Precedent as a Source of Law

Precedent as a Source of Law

Precedent:

Introduction:

Judicial Precedent means the process whereby judges follow the decided cases. The doctrine of judicial precedent involves use of the doctrine of stare decisis, to stand by the decided. In practice, this means that lower courts are bound to apply the legal values set down by higher courts in earlier cases. This provides uniformity of law. This is known as the Judicial Precedent.

Precedent as a source of law: 

Judicial Precedents are an important source of law. They have enjoyed high authority at all times and in all countries.

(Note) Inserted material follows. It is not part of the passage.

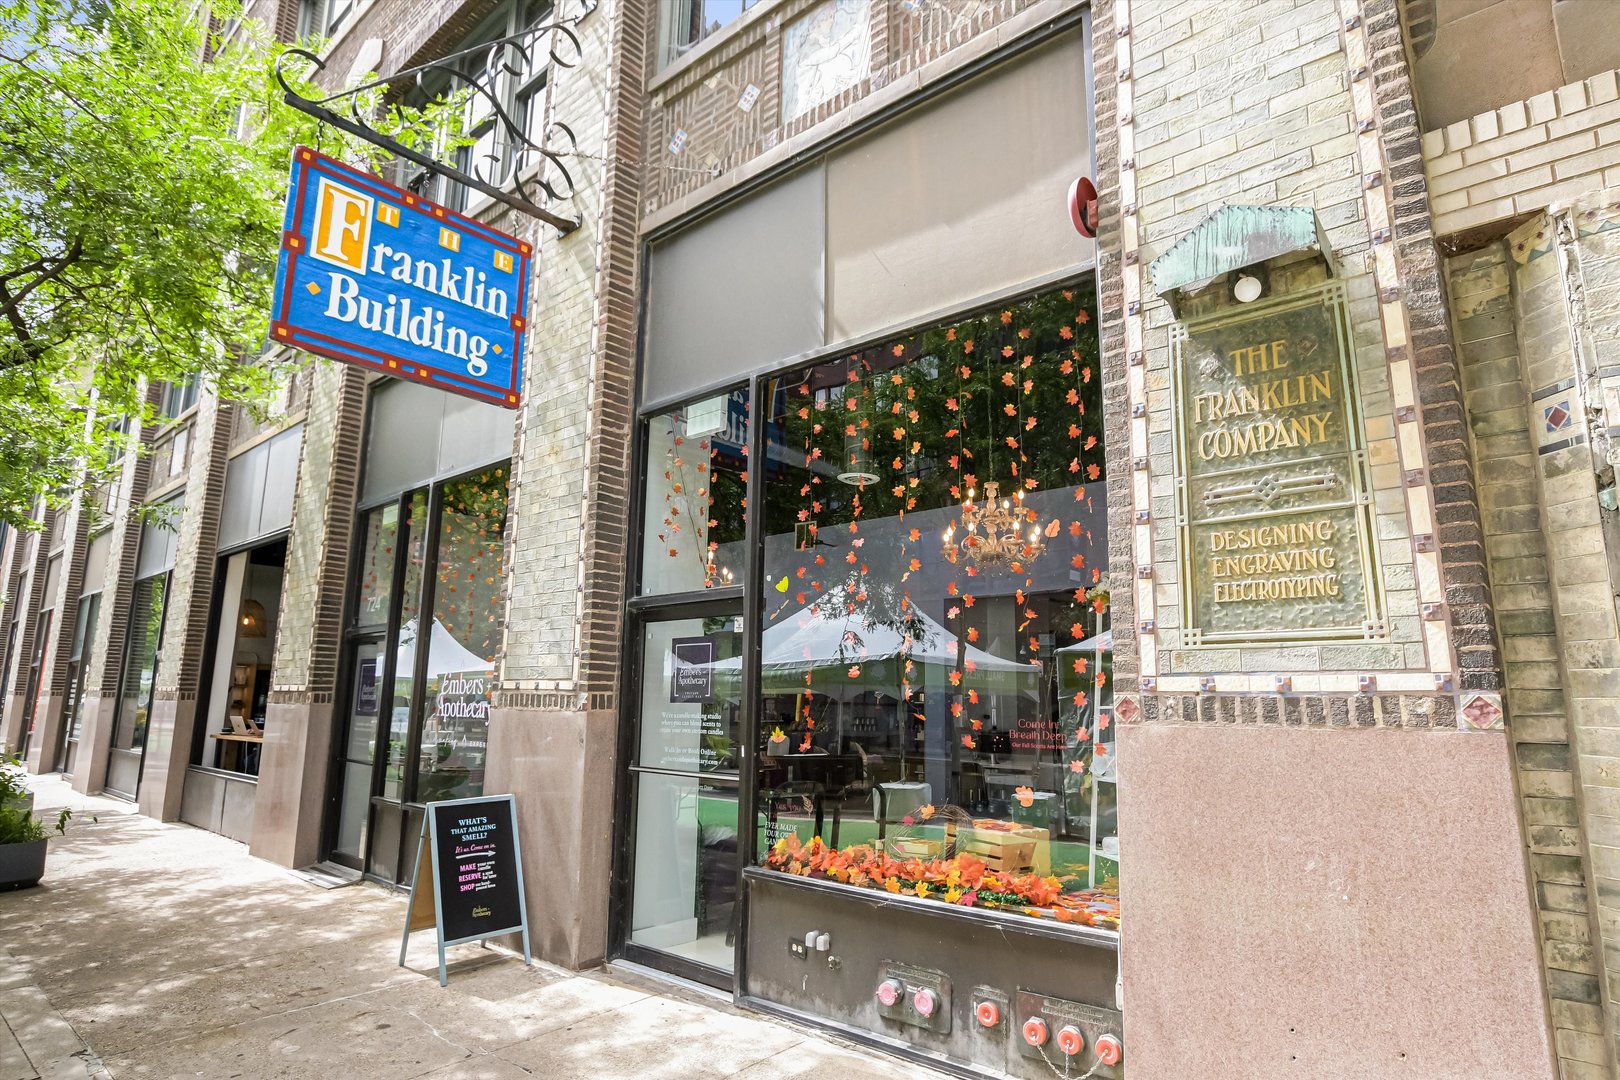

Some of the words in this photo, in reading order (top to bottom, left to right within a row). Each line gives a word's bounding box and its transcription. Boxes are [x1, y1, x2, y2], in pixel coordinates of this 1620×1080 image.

According to Salmond: “The great weightage of the unwritten law is almost entirely the product of outside cases, collected in an enormous series of reports extending backward, if it’s not in theory, the common law of England has been created by the decisions of English judges.”

According to Stobbe: “Training is in itself not a source of law, a court can depart from its official practice and no court is bound to practice another. Departure from the practice hereby is observed and not only permitted but required if there are better reasons for the questions of law.”

Blackstone writes: “For it is an established rule to respect the former precedents, where the same points come again in litigation, as to keep the rule of justice even and different and not liable to with every judge’s opinion, as also because the law, in that case, being perfectly declared, what before was uncertain has now become the permanent rule, subsequent judge to alter according to private opinions.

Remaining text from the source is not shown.